Em Resposta, a Massa Insolvente sustentou a improcedência da reclamação deduzida, alegando que o manuscrito junto com a menção “empréstimo concedido ao B… e D…” não pode ser considerado um documento válido, desacompanhado de qualquer comprovativo documental de que tais quantias tenham sido efectivamente mutuadas, ao que acresce o facto de aquele documento não conter sequer qualquer reconhecimento de assinaturas.

Os alegados mútuos sempre serão nulos por falta da forma enunciada no art.º 1143.º do Código Civil, nas redacções quantitativas e sucessivas introduzidas em 1966 e em 2008, e nessa sequência, também a hipoteca constituída se mostra inquinada de nulidade.

Por último, sempre o crédito reclamado terá de ser reconhecido como crédito subordinado, atento o facto de os Reclamantes serem pais do Insolvente marido, face ao preceituado no art.º 47.º, n.º 4, alínea b), do CIRE.

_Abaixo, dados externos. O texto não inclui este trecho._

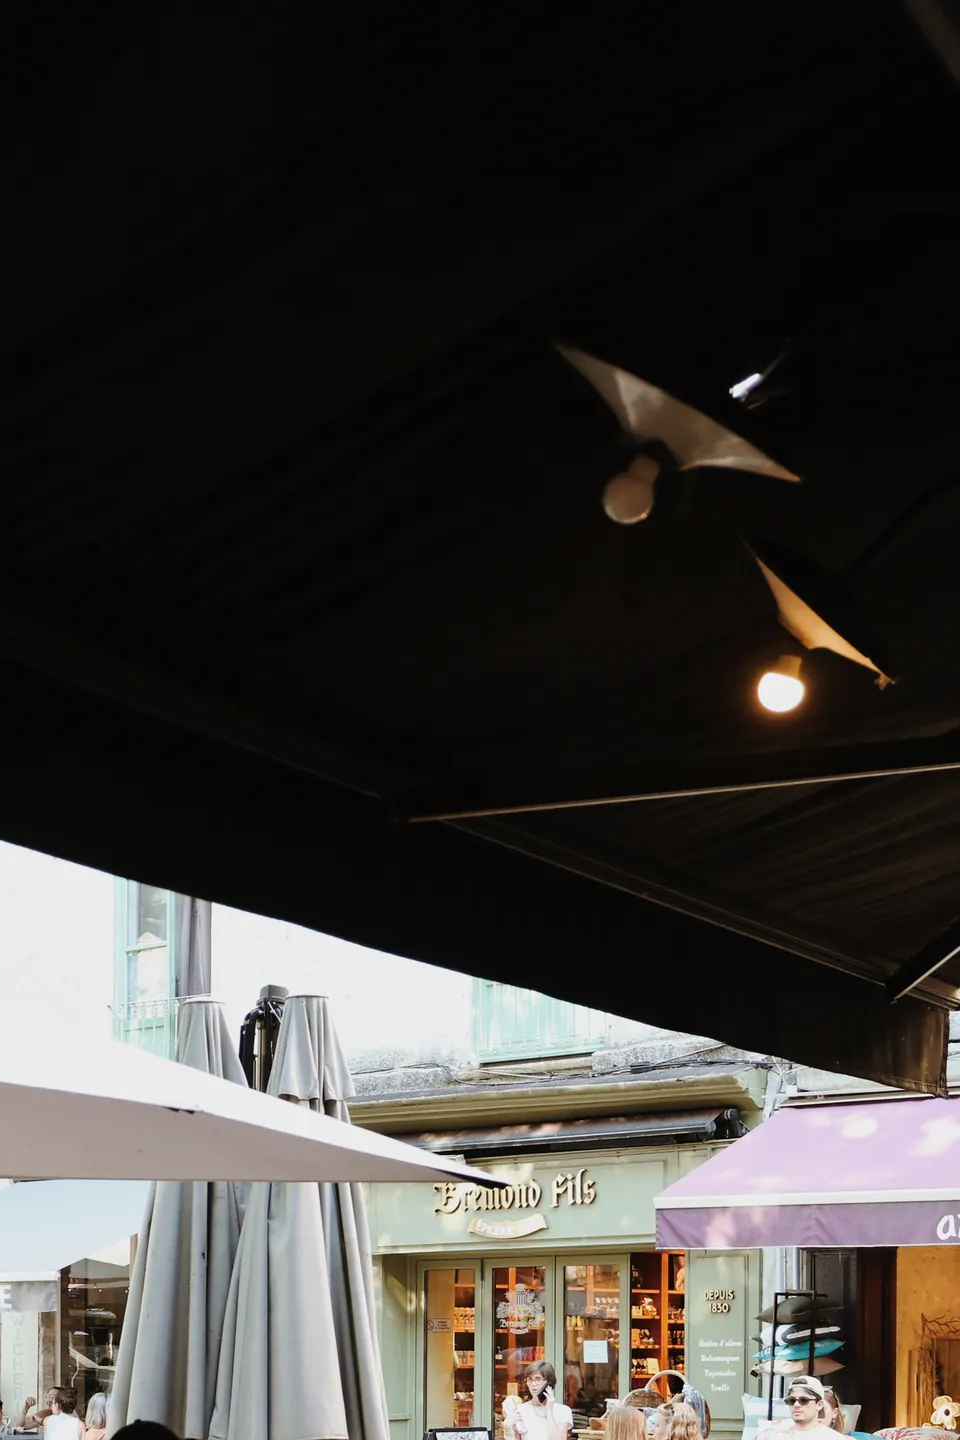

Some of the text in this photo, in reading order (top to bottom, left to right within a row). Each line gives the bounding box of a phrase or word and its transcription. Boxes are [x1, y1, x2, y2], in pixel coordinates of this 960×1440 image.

[433, 1168, 597, 1214] Bremond Fils
[704, 1289, 735, 1300] DEPUIS
[708, 1302, 730, 1313] 1830
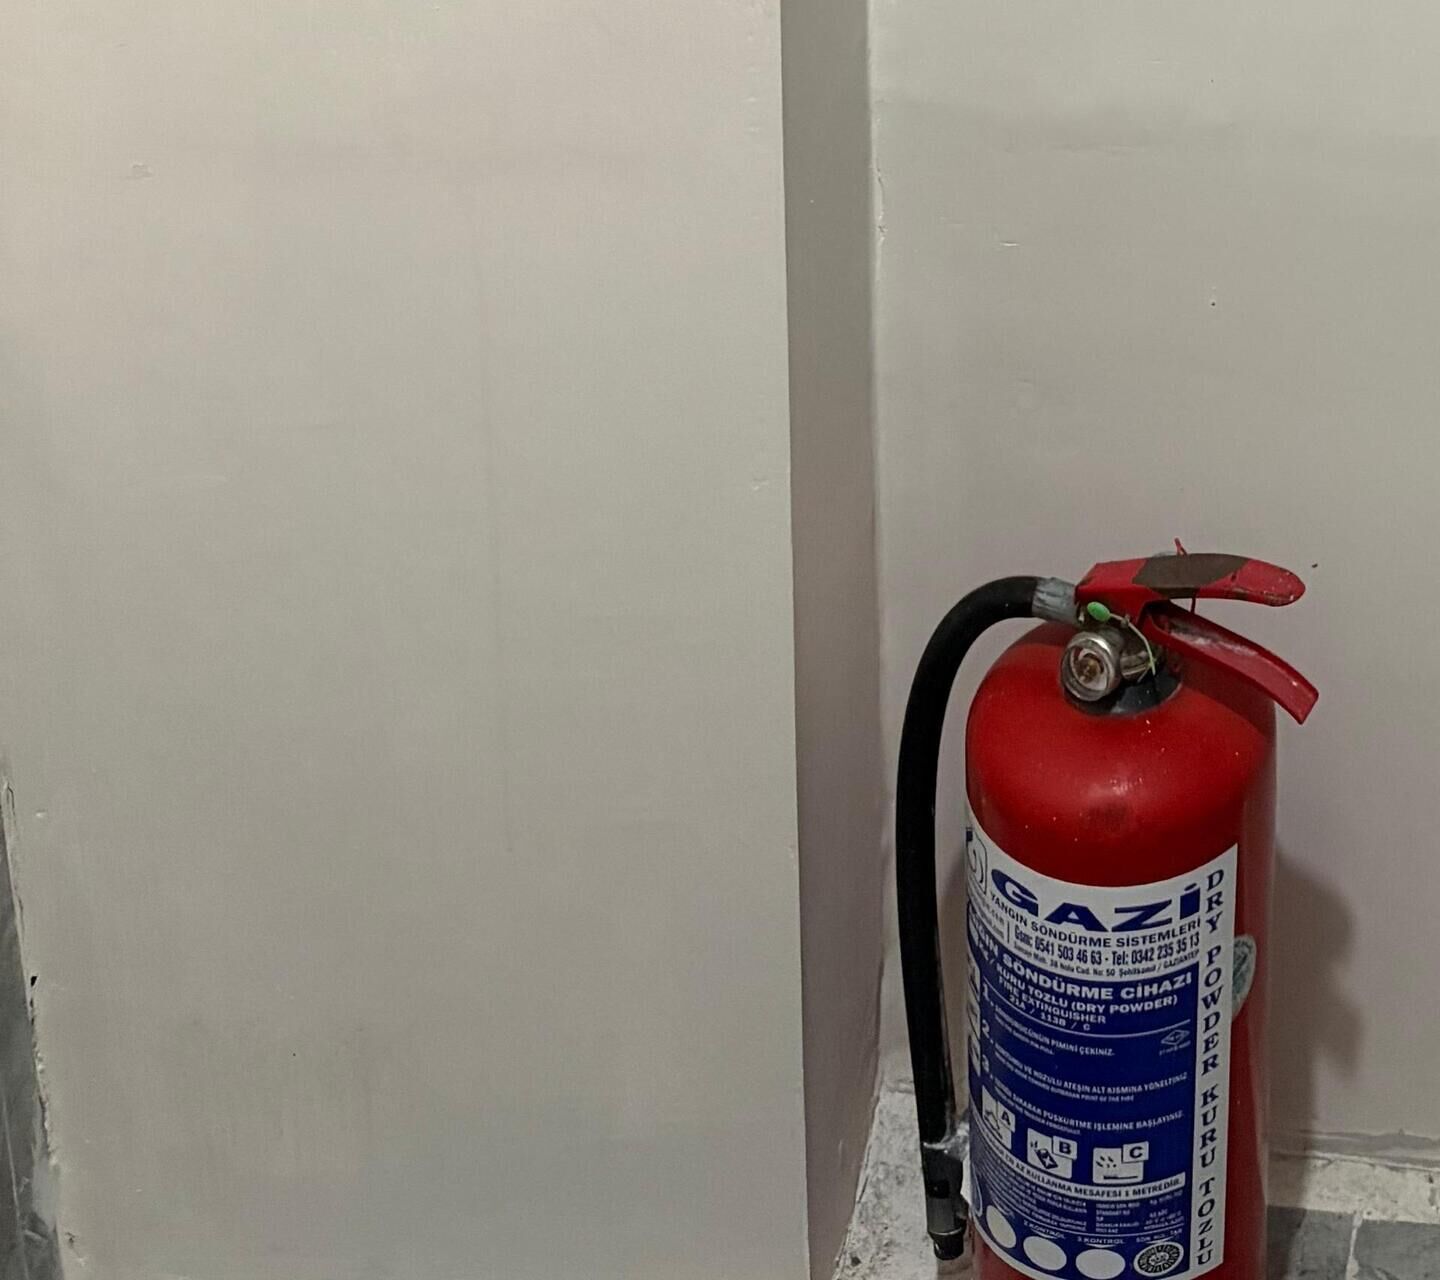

Sentença RecorridaA Mmª Juiz a quo decidiu, a final, como segue: a) Homologar a lista de credores reconhecidos elaborada pela Sr.ª Administradora da Insolvência, constante de fls. 8, dela passando a fazer parte o crédito dos credores G… e H…, no montante de €200.000,00, e sob a qualificação de “subordinado”; b) Graduar tais créditos, para serem pagos pelo produto da liquidação dos bens apreendidos para a massa insolvente, nos seguintes termos: No que tange à verba 1 do auto de apreensão: 1.º Os créditos titulados pelo Banco E…, S.A., nos montantes reconhecidos e apurados como gozando de garantia; 2.º Todos os demais créditos, reclamados e reconhecidos, em pé de igualdade, dando-se entre eles rateio se necessário for, sendo que apenas após a já referida salvaguarda das despesas e dívidas da massa, se houver remanescente serão pagos todos os créditos reclamados, rateadamente, em primeiro lugar os comuns e só após, havendo remanescente, os subordinados.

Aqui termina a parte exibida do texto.